Authors: Julian Fellowes
William half-closed his eyes. To be honest, he was a little taken aback; he had not been expecting this request. He’d known Oliver since he was not much more than a boy, and in all his time working in the company the man had never asked him a single question about the development of Bloomsbury or Belgravia, or any of his previous contracts. He had done his work in the offices. Sort of. But seemingly without enthusiasm or even interest. That said, William was fond of James Trenchard. The man was clever, tenacious, hardworking, and completely reliable. He could be pompous at times, and his relentless social ambitions made him a little ridiculous, but then everyone had their weaknesses.

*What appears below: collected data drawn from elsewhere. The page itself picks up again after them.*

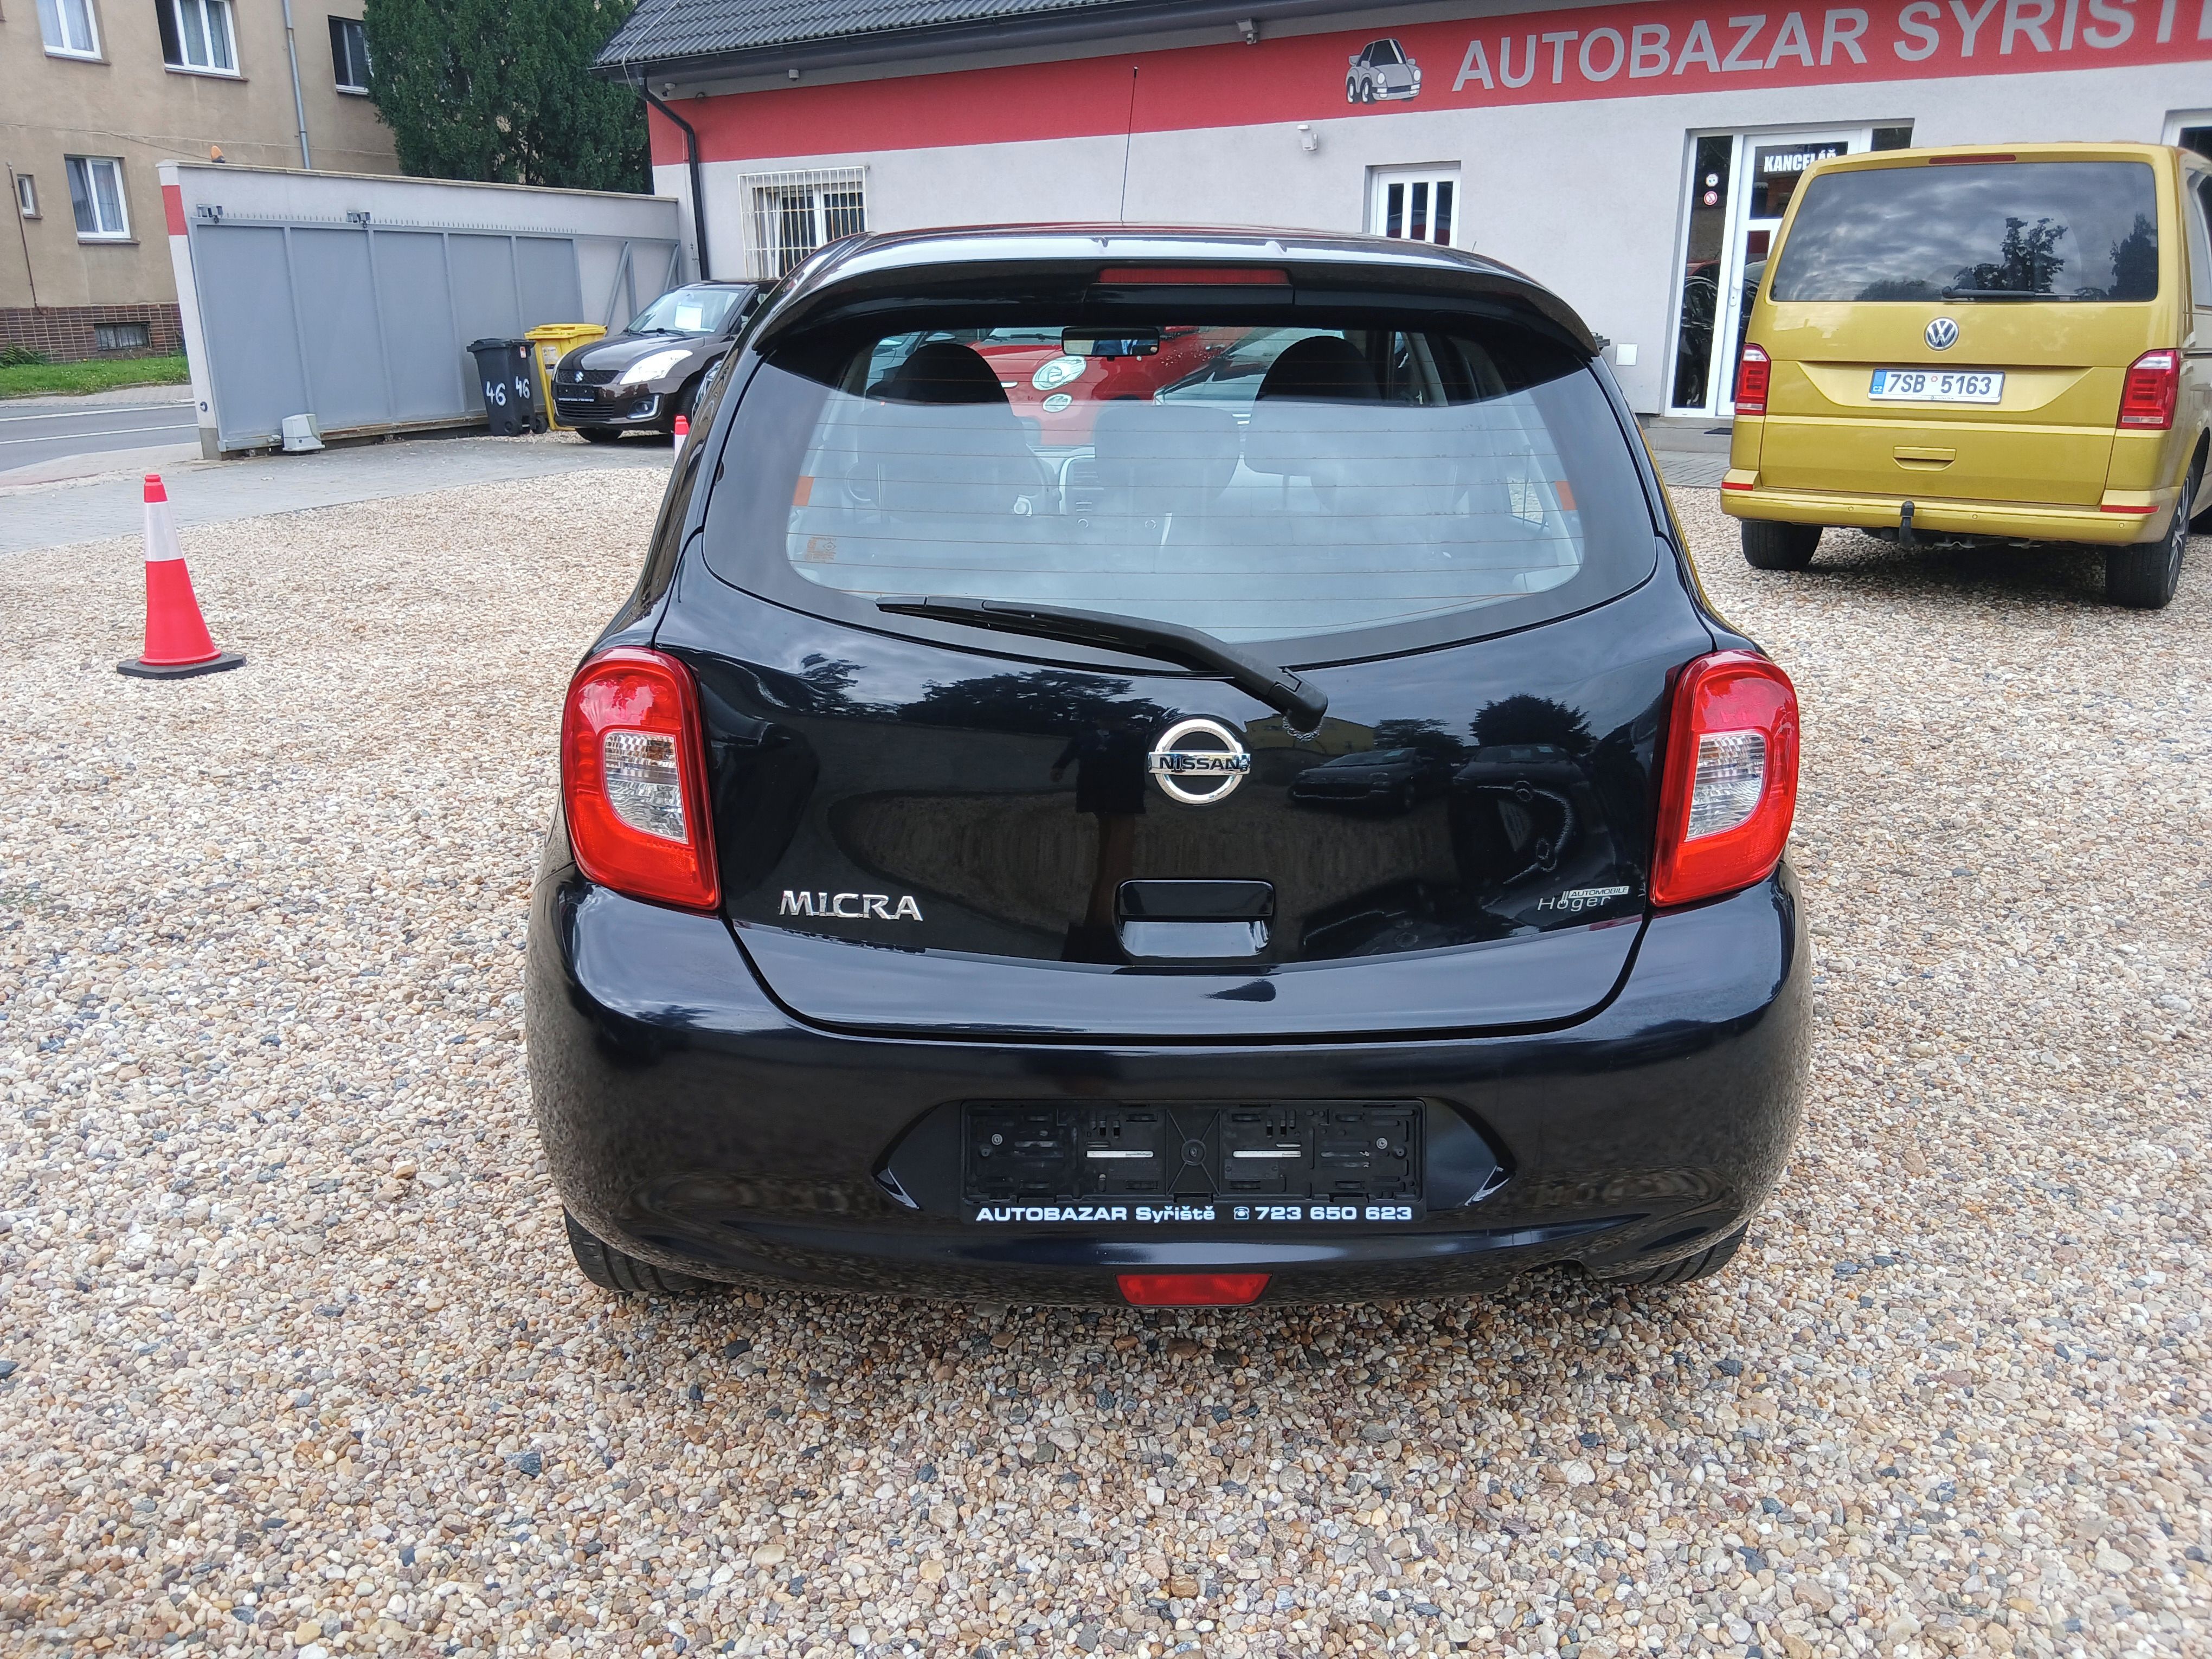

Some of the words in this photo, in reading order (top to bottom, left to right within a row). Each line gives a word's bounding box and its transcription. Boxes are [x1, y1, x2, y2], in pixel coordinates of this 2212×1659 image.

[1451, 8, 1869, 92] AUTOBAZAR
[1893, 0, 2212, 61] SYRIST
[486, 381, 507, 406] 46
[515, 376, 530, 400] 46
[1888, 374, 1926, 393] 7SB
[1940, 375, 1992, 395] 5163
[1159, 756, 1239, 770] NISSAN
[1571, 887, 1628, 898] AUTOMOBILE
[779, 890, 924, 922] MICRA
[975, 1207, 1128, 1221] AUTOBAZAR
[1135, 1205, 1216, 1224] Syřiště
[1255, 1206, 1302, 1221] 723
[1310, 1206, 1356, 1221] 650
[1365, 1206, 1412, 1221] 623

“Very well. I shall look for a way to involve him,” said Cubitt. “I think it is important for families to work together. My brother and I have done so for years, so why shouldn’t you and your son? We’ll take him out of the office and put him on-site. We’re always in need of good managers. Tell him to come and see me on Monday, and
we’ll get him started on the Isle of Dogs project. You have my word on it.”

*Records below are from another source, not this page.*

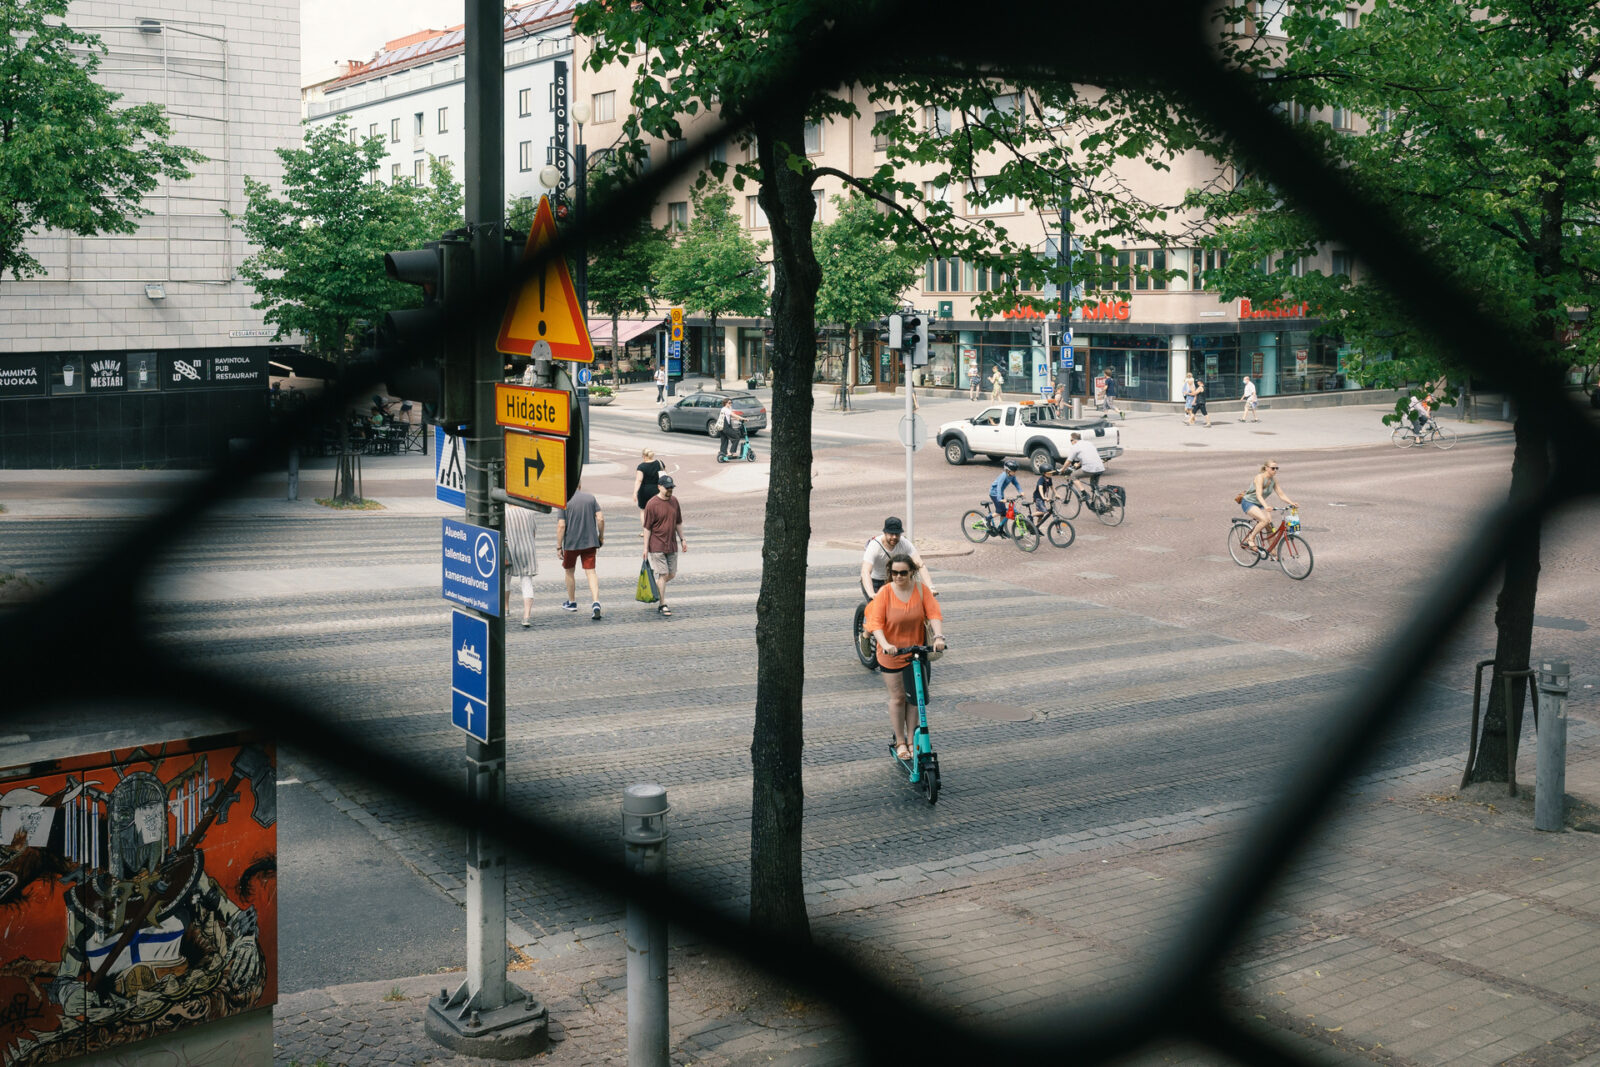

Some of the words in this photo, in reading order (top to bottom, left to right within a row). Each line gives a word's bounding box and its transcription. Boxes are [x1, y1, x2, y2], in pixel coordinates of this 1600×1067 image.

[557, 76, 565, 118] SOLO
[558, 124, 565, 144] BY
[558, 150, 566, 201] SOKOS
[90, 360, 121, 373] WANHA
[90, 376, 123, 388] MESTARI
[506, 395, 556, 423] Hidaste
[445, 547, 471, 564] tallentava
[445, 568, 488, 591] kameravalvonta
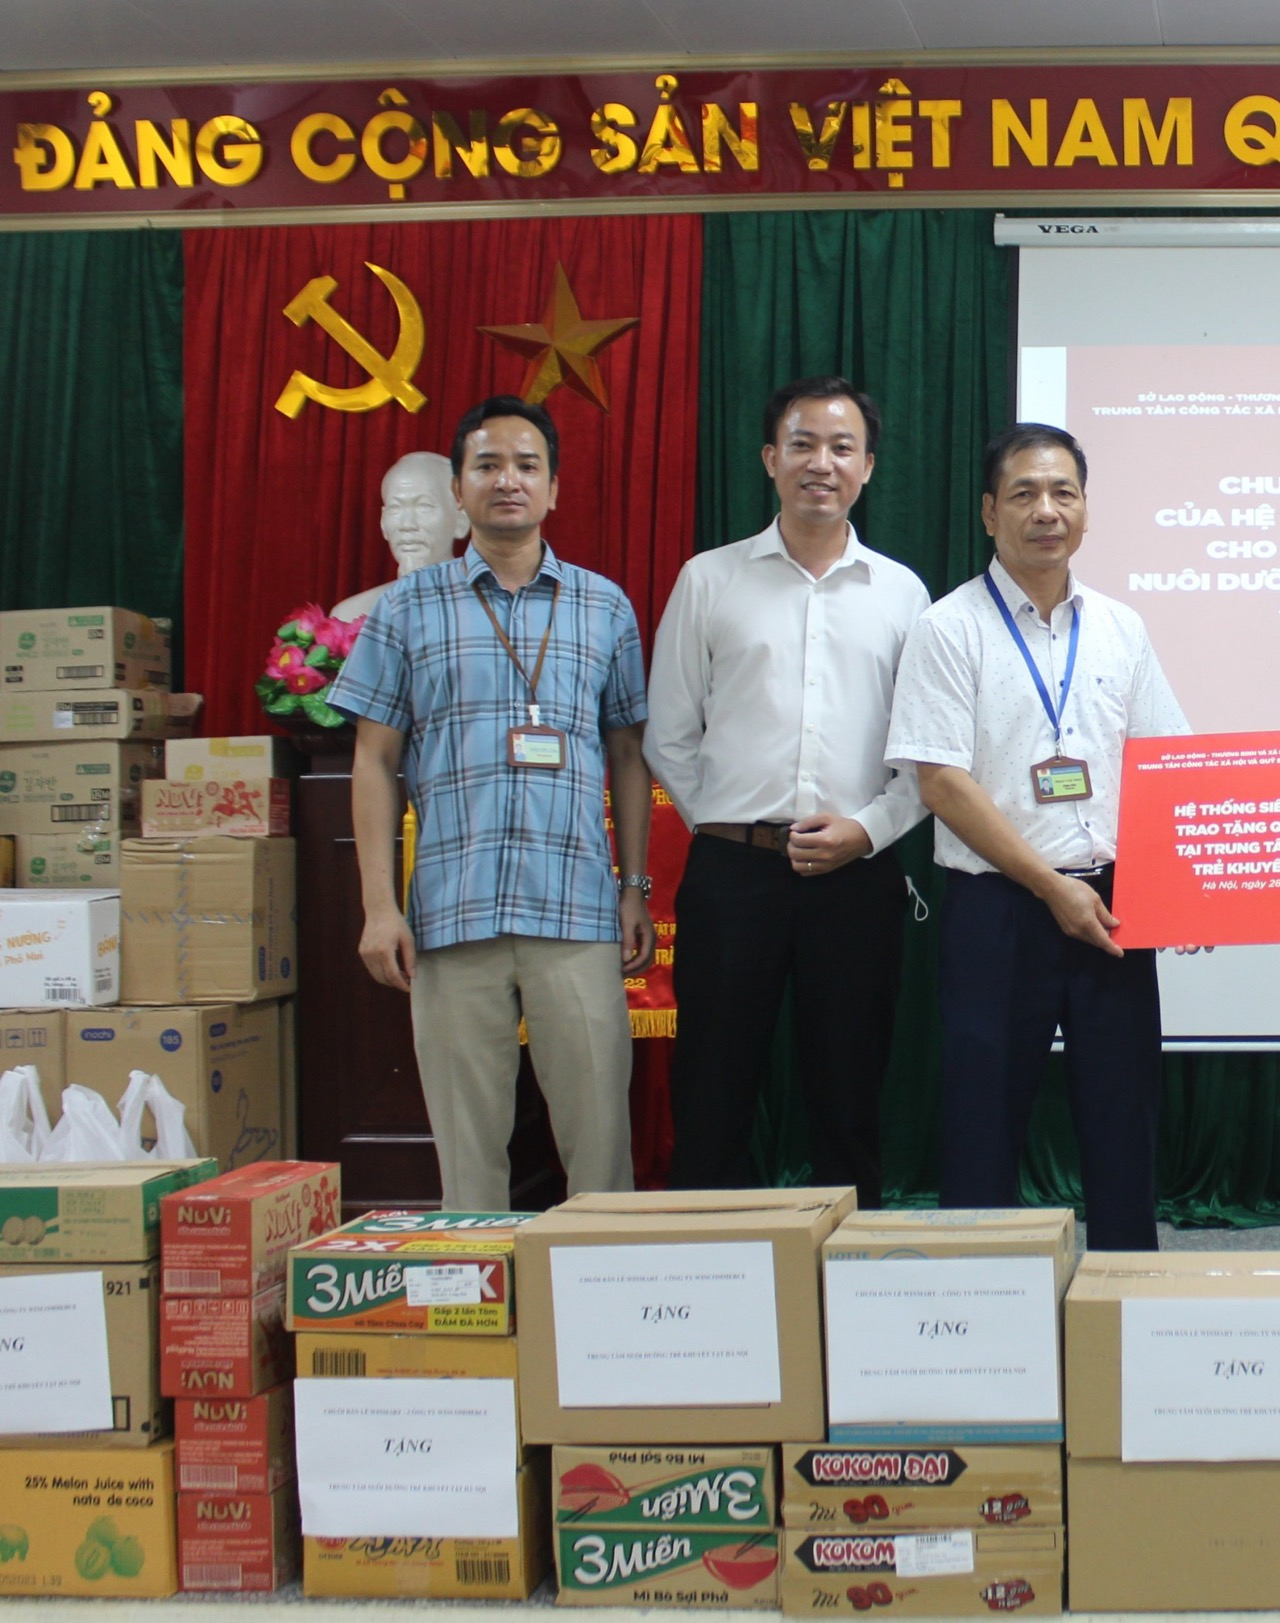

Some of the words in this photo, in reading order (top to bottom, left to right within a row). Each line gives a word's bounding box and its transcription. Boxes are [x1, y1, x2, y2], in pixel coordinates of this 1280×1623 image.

[13, 91, 264, 191] ĐẢNG
[290, 88, 562, 200] CỘNG
[590, 74, 761, 176] SẢN
[789, 77, 963, 188] VIỆT
[990, 96, 1193, 168] NAM
[1037, 223, 1100, 235] VEGA
[1155, 501, 1224, 526] CỦA
[1231, 503, 1275, 529] HỆ
[1206, 540, 1277, 558] CHO
[1129, 568, 1210, 590] NUÔI
[1174, 802, 1196, 818] HỆ
[1199, 799, 1256, 815] THỐNG
[1175, 823, 1219, 836] TRAO
[1222, 819, 1266, 836] TẶNG
[1175, 844, 1201, 858] TẠI
[1204, 841, 1260, 855] TRUNG
[1192, 858, 1223, 875] TRẺ
[1202, 881, 1216, 889] Hà
[1218, 880, 1237, 890] Nội,
[1241, 879, 1266, 890] ngày
[162, 1035, 181, 1045] 185
[106, 1281, 131, 1296] 921
[641, 1303, 692, 1324] TẶNG
[917, 1319, 969, 1340] TẶNG
[1213, 1358, 1265, 1380] TẶNG
[383, 1436, 433, 1457] TẶNG
[812, 1453, 901, 1481] KOKOMI
[903, 1452, 949, 1483] ĐẠI
[25, 1476, 49, 1490] 25%
[52, 1476, 89, 1490] Melon
[93, 1477, 124, 1490] Juice
[128, 1477, 155, 1490] with
[73, 1494, 101, 1506] nata
[107, 1494, 123, 1507] de
[125, 1496, 154, 1507] coco
[812, 1538, 896, 1565] KOKOM

He extended his hand and James took it with a smile. But he felt less confident about the outcome than he might have wished.
Once recovered, it would have taken nothing short of typhus to stop Anne from attending the gathering at Kew. The gardens had been thrown open to the public only the year before, in 1840, largely due to the enthusiasm of the Duke of Devonshire who, as President of the Royal Horticultural Society, was at the very heart of the project. He was supported in this by the interest in gardening throughout the land. It seemed gardening was the perfect fashion for every class of Englishman in the 1840s. Anne Trenchard had been a major contributor to the funds, which no doubt accounted for her inclusion on their list. Despite her worries over Lady Brockenhurst and her usual social reticence when she was operating under orders from James, this was one occasion Anne was genuinely excited about.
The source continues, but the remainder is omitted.